Time allocation diagram.

Outcome Variables

Whether a child was enrolled in school at the time of the study is used as a binary outcome, enrolled, where 1 indicates that the child was enrolled. Time use was recorded in half-hour blocks, from 5 a.m. to 12 a.m., giving a maximum of 38 blocks (equivalent to 19 h) for any given activity. For each activity category, the outcome is therefore the total count of half-hour blocks spent in that activity. The activity categories used are as follows. Education includes travel to and from school, school time, and studying after school. Household chores include cleaning, cooking, collecting water or fuel, childcare, running errands, and food processing. Farm work includes cattle herding (also treated as a separate category in some analyses), working in the fields, feeding animals, and milking. Market work includes any work done outside the household: for example, petty trading, shop-keeping, and making things to sell (e.g., baskets, doughnuts, ice lollies). Overall work is the total sum of household chores, farm work, and market work. Finally, leisure time includes playing, watching TV, resting or sleeping, and visiting friends or family.

Explanatory Variables

Ordering children residing in the same household by age and gender enabled us to sum the number of older and younger children for each child and the number of older and younger boys and girls. Within households, the numbers of boys and girls enrolled in school were summed to give the total number of schoolboys and girls, and this number was subtracted from the total number of children in the household to give the number of out-of-school children. Similarly, the numbers of boys and girls within households were summed to give the total number of male and female children. We generated an age order variable by numbering children so that the eldest child in the household has age order 1, the second child has age order 2, and so on. We also generated an age order by gender variable by ordering girls and boys separately by age and numbering them.

Data Analysis

Multiple children are sampled per household. However, likelihood-ratio tests comparing multilevel models with ordinary least squares regression indicate limited evidence for differences between model forms (online appendix, Table S2), and exploratory analyses confirm that multilevel analysis does not substantively alter our overall pattern of results. For enrollment analyses, we therefore use logistic regression models. Distributions of time use data usually contain many zeros. An individual child may not engage in certain activities—for example, a child who is not enrolled in school does not spend time in education, and a child whose household does not keep cattle does not spend time cattle herding—thus leading to structural zeros. Additionally, sampling zeros arise because a child may not do the activity during the sampling period. These zeros violate the assumption of normality, making common approaches, such as linear regression or tobit models, inappropriate. Additionally, time use data are often right-skewed and overdispersed. The Poisson-gamma distribution, or negative binomial regression, is more flexible and can model both exact zeros and a continuous component, so this is the approach we use here (Brown and Dunn 2011).

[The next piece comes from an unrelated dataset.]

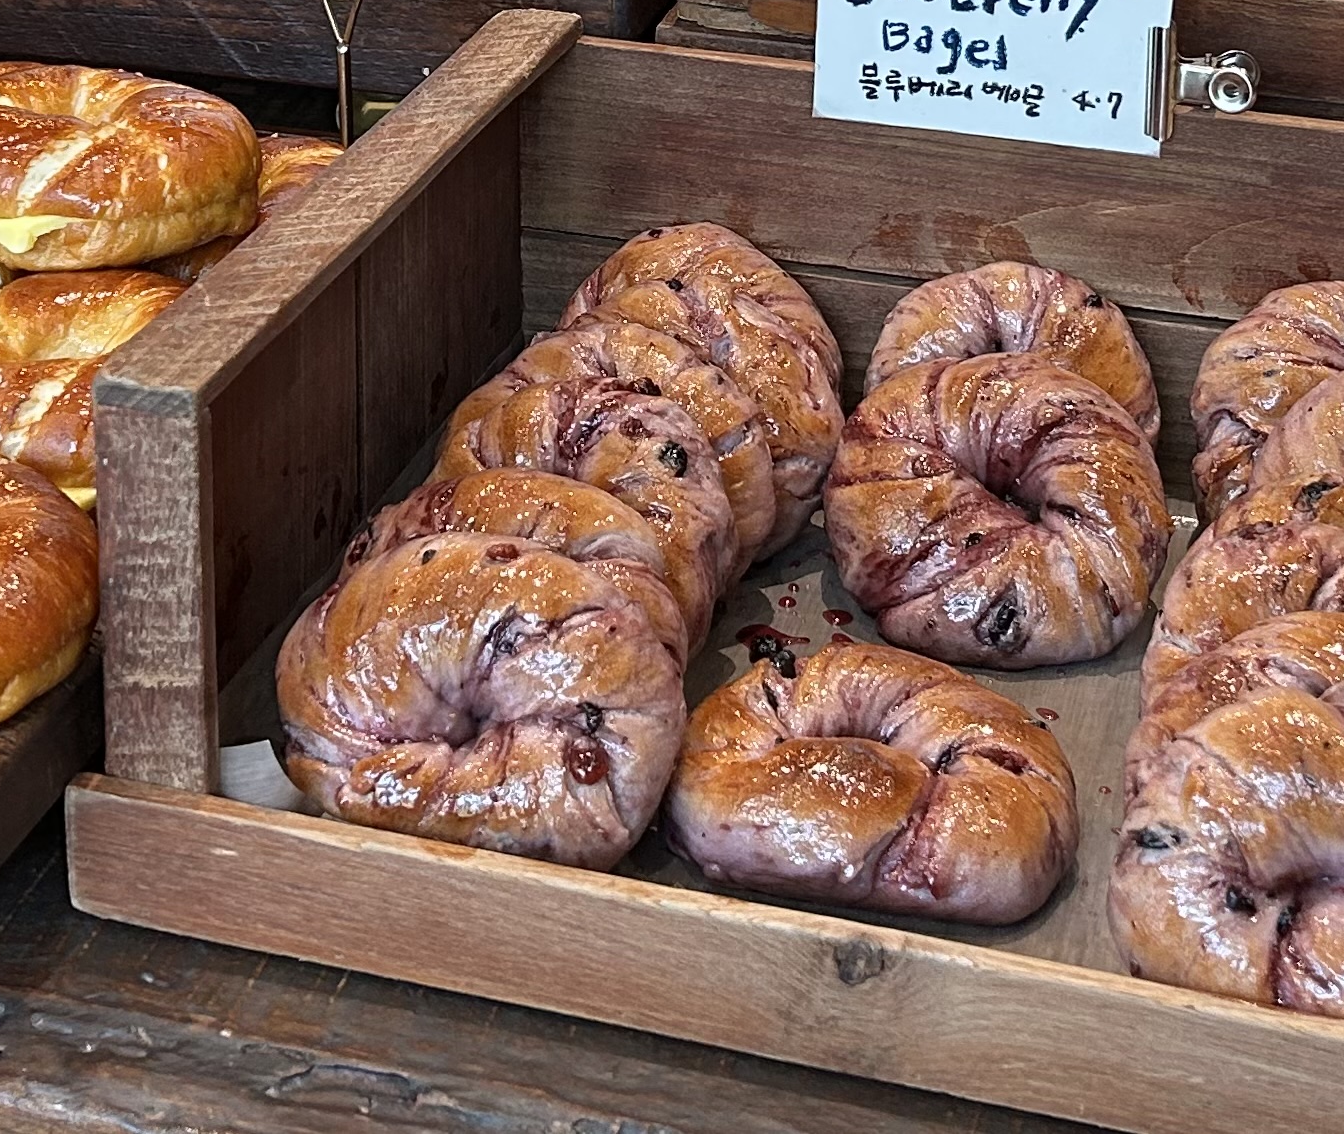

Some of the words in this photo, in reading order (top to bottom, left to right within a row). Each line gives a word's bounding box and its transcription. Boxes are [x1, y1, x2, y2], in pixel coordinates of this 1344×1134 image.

Analyses are stratified by gender, but we do not directly test for differences in outcomes between boys and girls because we have explored this in detail elsewhere (Hedges et al. 2018). We include covariates that we believe to be associated with the explanatory variables and outcomes of interest. Child’s age is associated with both work and education; previous work suggested a linear relationship between age and work as well as a U-shaped relationship between age and education (Hedges et al. 2018). We investigated using an age-squared term, but this had no impact on the overall results; for simplicity, then, we present analyses using the linear age term. In this area, fostering is relatively common, with many children living with close kin (mainly grandparents) and a few with more distant relatives. Because older children are more likely to be fostered, we include a control for child residence (with parents, close kin, or distant kin) in age order analyses and repeat age order analyses for nonfostered children only in order to investigate whether age order effects are separate from fostering effects. We include a variable indicating town or village residence. Household resource availability is likely to be associated with household composition and to affect educational investment and time allocation. In this context, food security was thought to be the best measure of household resources because it provides a contemporary measure of resource availability, meaningful across the different livelihoods in this area. We also use a categorical asset variable, indicating whether households own basic, intermediate, or higher-value assets.

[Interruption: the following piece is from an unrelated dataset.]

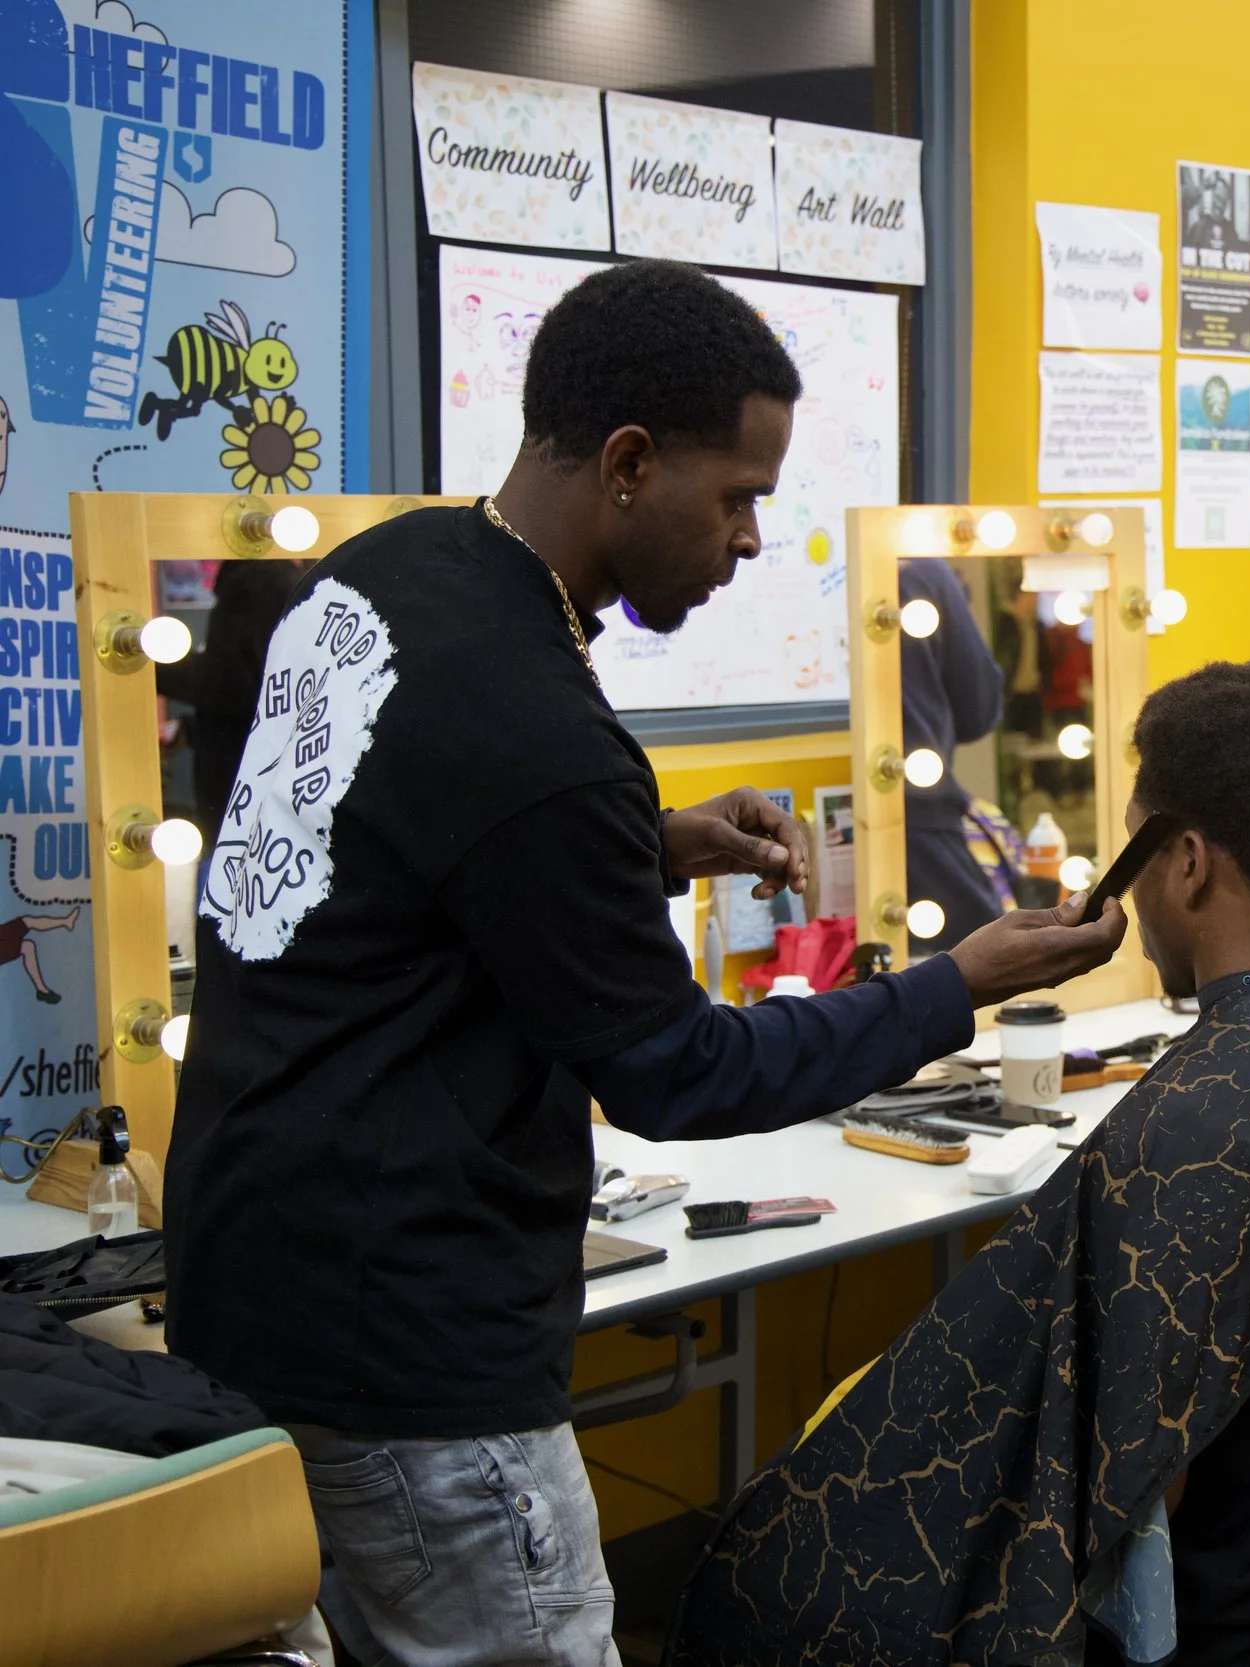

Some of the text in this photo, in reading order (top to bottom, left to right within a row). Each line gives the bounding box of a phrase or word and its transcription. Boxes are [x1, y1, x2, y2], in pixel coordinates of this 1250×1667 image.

We use the number of older children as a predictor together with the number of younger children to compare the effects of having older substitutes with the effects of having younger children for whom to substitute. However, we do not include a variable indicating the total number of children in the household to avoid overadjusting. To further compare the effects of being later-born independently of the total number of children, we run additional sensitivity analyses (see the online appendix), with models including the overall age variable and the total number of children in the household, acknowledging that there is some multicollinearity between variables. We finally conduct additional analyses to explore age order effects in more detail by using a categorical age order variable to compare oldest, middle, and youngest children. All analyses are carried out in Stata.

Results

Household and Child Characteristics

Household size varies widely, with a mean of 7.6 members and 3.1 children aged 7–19 (Table 1). Nearly three-quarters of households participate in farming (i.e., grow crops or keep animals), and roughly one-quarter of households keep cattle. Nineteen percent of households have only basic assets, 59 % have intermediate assets (such as a bicycle or a radio), and 21 % have higher-value assets (such as a TV or refrigerator). Approximately one-half of households are classed as food insecure.

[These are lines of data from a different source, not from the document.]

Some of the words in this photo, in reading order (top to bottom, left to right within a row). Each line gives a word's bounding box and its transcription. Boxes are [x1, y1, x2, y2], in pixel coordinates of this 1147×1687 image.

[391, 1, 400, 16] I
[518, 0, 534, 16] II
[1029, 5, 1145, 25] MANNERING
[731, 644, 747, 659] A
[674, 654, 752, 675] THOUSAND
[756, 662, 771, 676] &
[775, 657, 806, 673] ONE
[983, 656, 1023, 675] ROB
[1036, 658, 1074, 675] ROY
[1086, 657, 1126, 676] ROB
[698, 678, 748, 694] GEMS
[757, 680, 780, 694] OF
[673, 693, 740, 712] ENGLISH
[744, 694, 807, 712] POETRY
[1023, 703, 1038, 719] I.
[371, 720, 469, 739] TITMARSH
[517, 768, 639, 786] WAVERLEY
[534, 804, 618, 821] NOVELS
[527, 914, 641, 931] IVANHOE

Table 1 Descriptive statistics on household characteristics

Eighty-one percent of children are currently enrolled in school, with enrollment being higher for girls (Table 2; see also Hedges et al. 2018). Very few children in our sample have no siblings. Approximately one-third have only full siblings, just more than one-half have both full siblings and half-siblings, and roughly 12 % have only half-siblings. However, because the household roster is completed with household members’ relationship to the household head, we do not have direct information on the relationships of household members to one another, and we cannot therefore be sure which children have resident siblings or half-siblings. Among the 26 % of children who live apart from their parents, most live with close kin (grandparents, aunts, or uncles), and some live with more-distant kin. Girls are more likely than boys to live with distant kin.

Table 2 Descriptive statistics on child characteristics, by gender

Seven percent of children have no coresident children aged 7–19; girls are more likely than boys to be an only child (chi-squared = 3.7, p = .06). We exclude these children from our main analyses because they do not have substitute laborers available. Boys who are only children are marginally more likely to be enrolled than other boys; girls who are only children do not differ in their enrollment but do spend more time in household chores than girls with coresident children (Table S1, online appendix).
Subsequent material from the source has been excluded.